La civilización a prueba
Quiero que conozcas a un dalang —anunció Rasy, radiante—. Ya sabes, los famosos titiriteros indonesios. —Era evidente su satisfacción por tenerme de nuevo en Bandung—. Esta noche da una función muy importante en el barrio. Me llevó con su ciclomotor por partes de la ciudad que no sabía ni que existieran, atravesando barriadas de kampong, casas tradicionales de Java que parecían templos en miniatura pero en versión pobre, con cubiertas de teja. Allí no se veían las espléndidas mansiones coloniales holandesas ni los edificios de oficinas a los que yo estaba acostumbrado. La población era visiblemente humilde pero lo llevaba con gran dignidad.

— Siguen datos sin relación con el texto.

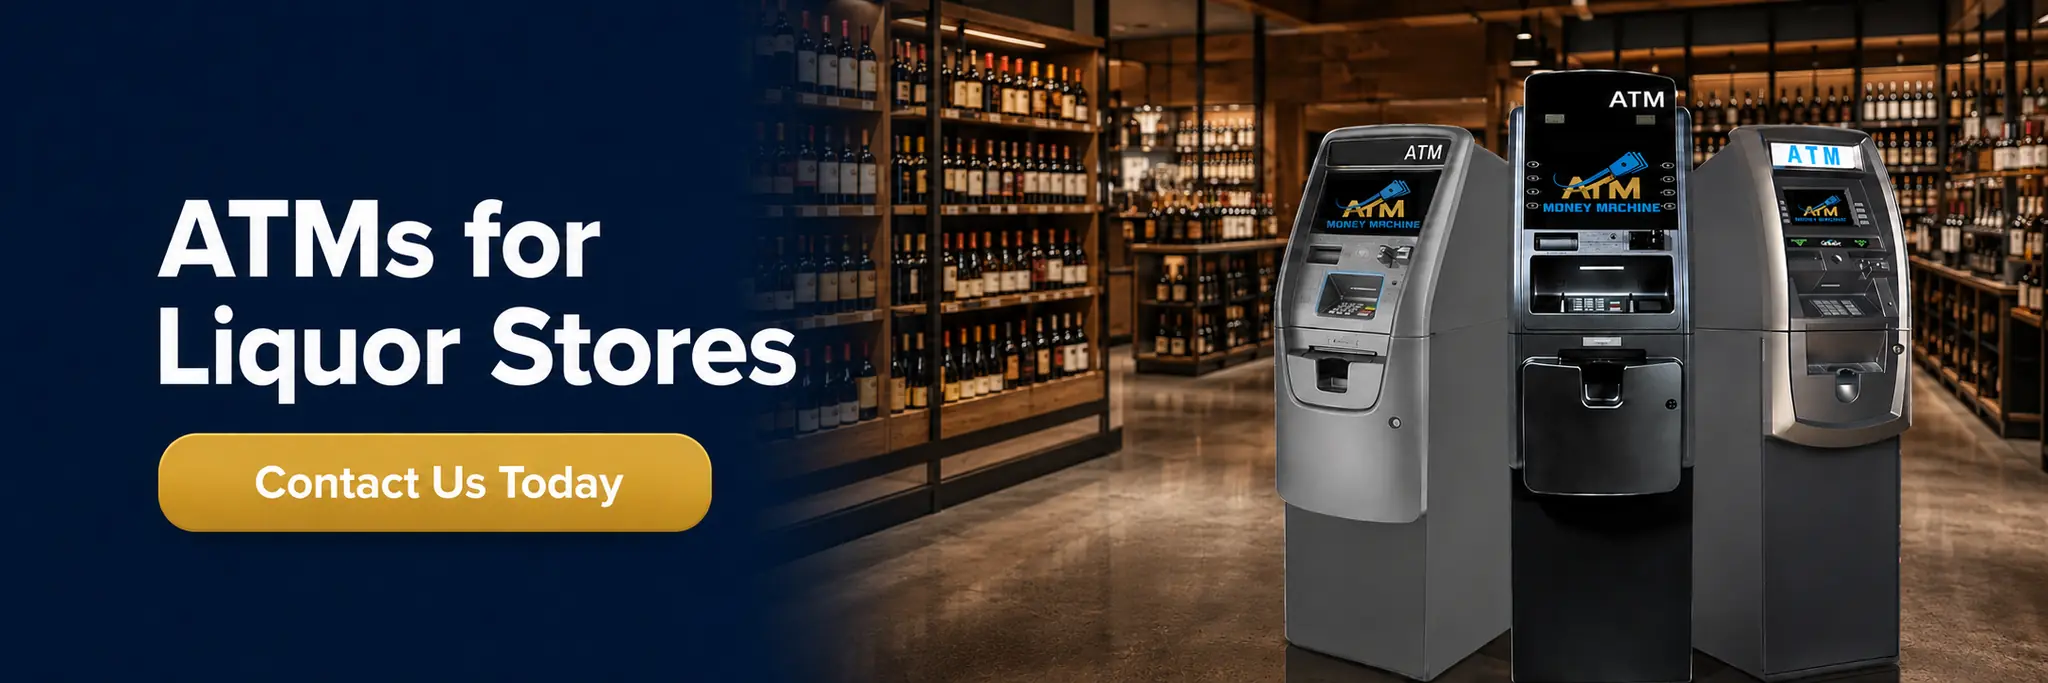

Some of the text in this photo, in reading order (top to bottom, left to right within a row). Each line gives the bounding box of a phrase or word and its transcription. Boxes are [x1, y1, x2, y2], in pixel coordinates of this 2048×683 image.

Vestían sarongs estampados en batik, deshilachados pero limpios, blusas de vivos colores y sombreros anchos de paja.
En todas partes fuimos recibidos con sonrisas y cordialidad. Cuando nos detuvimos, los niños acudieron corriendo a tocarme y a palpar la tela de mis vaqueros. Una chiquilla me prendió en el cabello una fragante flor de frangipani. Estacionamos la motocicleta cerca de un teatro al aire libre donde se habían congregado ya varios centenares de personas, unas de pie y otras sentadas en sillas plegables. El cielo completamente despejado auguraba una noche espléndida. Aunque estábamos en el centro de la ciudad vieja de Bandung, no había alumbrado público y las estrellas titilaban sobre nuestras cabezas. En el aire flotaban aromas de cacahuete, de clavo, de hogueras de leña.